LISTED RECORDS >>
= = = = = = =
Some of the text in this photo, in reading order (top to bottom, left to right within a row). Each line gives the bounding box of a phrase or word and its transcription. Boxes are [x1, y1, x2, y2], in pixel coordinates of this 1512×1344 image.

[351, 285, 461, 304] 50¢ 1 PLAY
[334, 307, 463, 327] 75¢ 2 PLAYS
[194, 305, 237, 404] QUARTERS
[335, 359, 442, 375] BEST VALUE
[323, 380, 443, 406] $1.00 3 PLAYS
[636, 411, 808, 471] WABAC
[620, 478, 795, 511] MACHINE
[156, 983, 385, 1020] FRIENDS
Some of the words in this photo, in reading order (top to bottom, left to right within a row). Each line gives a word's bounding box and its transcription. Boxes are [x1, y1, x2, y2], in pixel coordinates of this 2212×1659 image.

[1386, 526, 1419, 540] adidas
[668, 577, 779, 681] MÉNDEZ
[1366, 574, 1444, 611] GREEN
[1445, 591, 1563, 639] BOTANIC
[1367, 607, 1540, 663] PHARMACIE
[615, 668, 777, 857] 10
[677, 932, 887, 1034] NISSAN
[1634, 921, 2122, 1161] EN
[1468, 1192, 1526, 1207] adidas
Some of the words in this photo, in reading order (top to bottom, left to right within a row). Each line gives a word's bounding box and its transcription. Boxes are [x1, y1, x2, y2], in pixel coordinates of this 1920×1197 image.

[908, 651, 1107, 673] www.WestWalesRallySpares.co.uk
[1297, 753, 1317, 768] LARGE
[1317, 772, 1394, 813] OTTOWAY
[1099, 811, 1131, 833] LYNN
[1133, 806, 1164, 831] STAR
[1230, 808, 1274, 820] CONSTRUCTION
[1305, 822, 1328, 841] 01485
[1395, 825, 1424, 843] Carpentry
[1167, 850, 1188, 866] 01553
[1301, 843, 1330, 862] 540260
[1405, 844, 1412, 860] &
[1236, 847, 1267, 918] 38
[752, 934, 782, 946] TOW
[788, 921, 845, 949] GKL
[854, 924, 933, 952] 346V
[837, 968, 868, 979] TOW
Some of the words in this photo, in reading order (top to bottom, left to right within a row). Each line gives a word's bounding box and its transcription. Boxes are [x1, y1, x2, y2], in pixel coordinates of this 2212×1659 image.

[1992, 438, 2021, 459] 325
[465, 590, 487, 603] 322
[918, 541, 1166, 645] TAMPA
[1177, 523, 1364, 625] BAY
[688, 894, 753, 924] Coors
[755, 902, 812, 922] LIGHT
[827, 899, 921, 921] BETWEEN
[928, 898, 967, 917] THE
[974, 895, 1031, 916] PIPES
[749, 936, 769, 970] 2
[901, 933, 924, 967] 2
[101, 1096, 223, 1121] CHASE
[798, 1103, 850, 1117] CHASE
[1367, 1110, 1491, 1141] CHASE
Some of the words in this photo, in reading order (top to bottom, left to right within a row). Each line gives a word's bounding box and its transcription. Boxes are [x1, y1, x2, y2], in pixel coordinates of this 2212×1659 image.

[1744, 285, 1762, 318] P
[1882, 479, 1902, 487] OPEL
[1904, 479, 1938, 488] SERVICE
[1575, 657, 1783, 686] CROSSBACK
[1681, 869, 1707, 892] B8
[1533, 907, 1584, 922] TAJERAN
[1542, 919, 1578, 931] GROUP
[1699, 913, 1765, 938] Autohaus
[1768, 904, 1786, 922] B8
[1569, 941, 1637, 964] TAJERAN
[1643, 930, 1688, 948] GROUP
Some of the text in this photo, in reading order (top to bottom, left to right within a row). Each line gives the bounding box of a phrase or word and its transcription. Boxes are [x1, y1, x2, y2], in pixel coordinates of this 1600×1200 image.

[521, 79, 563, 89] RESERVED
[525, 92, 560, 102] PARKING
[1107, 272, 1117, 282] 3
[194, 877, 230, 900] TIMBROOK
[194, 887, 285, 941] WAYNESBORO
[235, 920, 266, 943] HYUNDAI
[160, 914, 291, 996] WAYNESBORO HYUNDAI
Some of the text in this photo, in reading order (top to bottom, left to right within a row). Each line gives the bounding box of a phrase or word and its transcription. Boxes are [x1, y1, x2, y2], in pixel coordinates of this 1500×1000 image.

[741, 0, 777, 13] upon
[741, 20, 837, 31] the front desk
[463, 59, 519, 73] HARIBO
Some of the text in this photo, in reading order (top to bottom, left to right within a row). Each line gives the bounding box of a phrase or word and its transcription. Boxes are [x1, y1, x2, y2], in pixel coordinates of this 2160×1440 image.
= = = = = = =
WHAT THE TASK REQUIRES >> Type out the whole listing once more, exactly as written.

SOLUTION TO THE PROBLEM >>
Some of the text in this photo, in reading order (top to bottom, left to right within a row). Each line gives the bounding box of a phrase or word and its transcription. Boxes are [x1, y1, x2, y2], in pixel coordinates of this 1512×1344 image.

[351, 285, 461, 304] 50¢ 1 PLAY
[334, 307, 463, 327] 75¢ 2 PLAYS
[194, 305, 237, 404] QUARTERS
[335, 359, 442, 375] BEST VALUE
[323, 380, 443, 406] $1.00 3 PLAYS
[636, 411, 808, 471] WABAC
[620, 478, 795, 511] MACHINE
[156, 983, 385, 1020] FRIENDS
Some of the words in this photo, in reading order (top to bottom, left to right within a row). Each line gives a word's bounding box and its transcription. Boxes are [x1, y1, x2, y2], in pixel coordinates of this 2212×1659 image.

[1386, 526, 1419, 540] adidas
[668, 577, 779, 681] MÉNDEZ
[1366, 574, 1444, 611] GREEN
[1445, 591, 1563, 639] BOTANIC
[1367, 607, 1540, 663] PHARMACIE
[615, 668, 777, 857] 10
[677, 932, 887, 1034] NISSAN
[1634, 921, 2122, 1161] EN
[1468, 1192, 1526, 1207] adidas
Some of the words in this photo, in reading order (top to bottom, left to right within a row). Each line gives a word's bounding box and its transcription. Boxes are [x1, y1, x2, y2], in pixel coordinates of this 1920×1197 image.

[908, 651, 1107, 673] www.WestWalesRallySpares.co.uk
[1297, 753, 1317, 768] LARGE
[1317, 772, 1394, 813] OTTOWAY
[1099, 811, 1131, 833] LYNN
[1133, 806, 1164, 831] STAR
[1230, 808, 1274, 820] CONSTRUCTION
[1305, 822, 1328, 841] 01485
[1395, 825, 1424, 843] Carpentry
[1167, 850, 1188, 866] 01553
[1301, 843, 1330, 862] 540260
[1405, 844, 1412, 860] &
[1236, 847, 1267, 918] 38
[752, 934, 782, 946] TOW
[788, 921, 845, 949] GKL
[854, 924, 933, 952] 346V
[837, 968, 868, 979] TOW
Some of the words in this photo, in reading order (top to bottom, left to right within a row). Each line gives a word's bounding box and its transcription. Boxes are [x1, y1, x2, y2], in pixel coordinates of this 2212×1659 image.

[1992, 438, 2021, 459] 325
[465, 590, 487, 603] 322
[918, 541, 1166, 645] TAMPA
[1177, 523, 1364, 625] BAY
[688, 894, 753, 924] Coors
[755, 902, 812, 922] LIGHT
[827, 899, 921, 921] BETWEEN
[928, 898, 967, 917] THE
[974, 895, 1031, 916] PIPES
[749, 936, 769, 970] 2
[901, 933, 924, 967] 2
[101, 1096, 223, 1121] CHASE
[798, 1103, 850, 1117] CHASE
[1367, 1110, 1491, 1141] CHASE
Some of the words in this photo, in reading order (top to bottom, left to right within a row). Each line gives a word's bounding box and its transcription. Boxes are [x1, y1, x2, y2], in pixel coordinates of this 2212×1659 image.

[1744, 285, 1762, 318] P
[1882, 479, 1902, 487] OPEL
[1904, 479, 1938, 488] SERVICE
[1575, 657, 1783, 686] CROSSBACK
[1681, 869, 1707, 892] B8
[1533, 907, 1584, 922] TAJERAN
[1542, 919, 1578, 931] GROUP
[1699, 913, 1765, 938] Autohaus
[1768, 904, 1786, 922] B8
[1569, 941, 1637, 964] TAJERAN
[1643, 930, 1688, 948] GROUP
Some of the text in this photo, in reading order (top to bottom, left to right within a row). Each line gives the bounding box of a phrase or word and its transcription. Boxes are [x1, y1, x2, y2], in pixel coordinates of this 1600×1200 image.

[521, 79, 563, 89] RESERVED
[525, 92, 560, 102] PARKING
[1107, 272, 1117, 282] 3
[194, 877, 230, 900] TIMBROOK
[194, 887, 285, 941] WAYNESBORO
[235, 920, 266, 943] HYUNDAI
[160, 914, 291, 996] WAYNESBORO HYUNDAI
Some of the text in this photo, in reading order (top to bottom, left to right within a row). Each line gives the bounding box of a phrase or word and its transcription. Boxes are [x1, y1, x2, y2], in pixel coordinates of this 1500×1000 image.

[741, 0, 777, 13] upon
[741, 20, 837, 31] the front desk
[463, 59, 519, 73] HARIBO
Some of the text in this photo, in reading order (top to bottom, left to right within a row). Each line gives the bounding box of a phrase or word and its transcription. Boxes are [x1, y1, x2, y2], in pixel coordinates of this 2160×1440 image.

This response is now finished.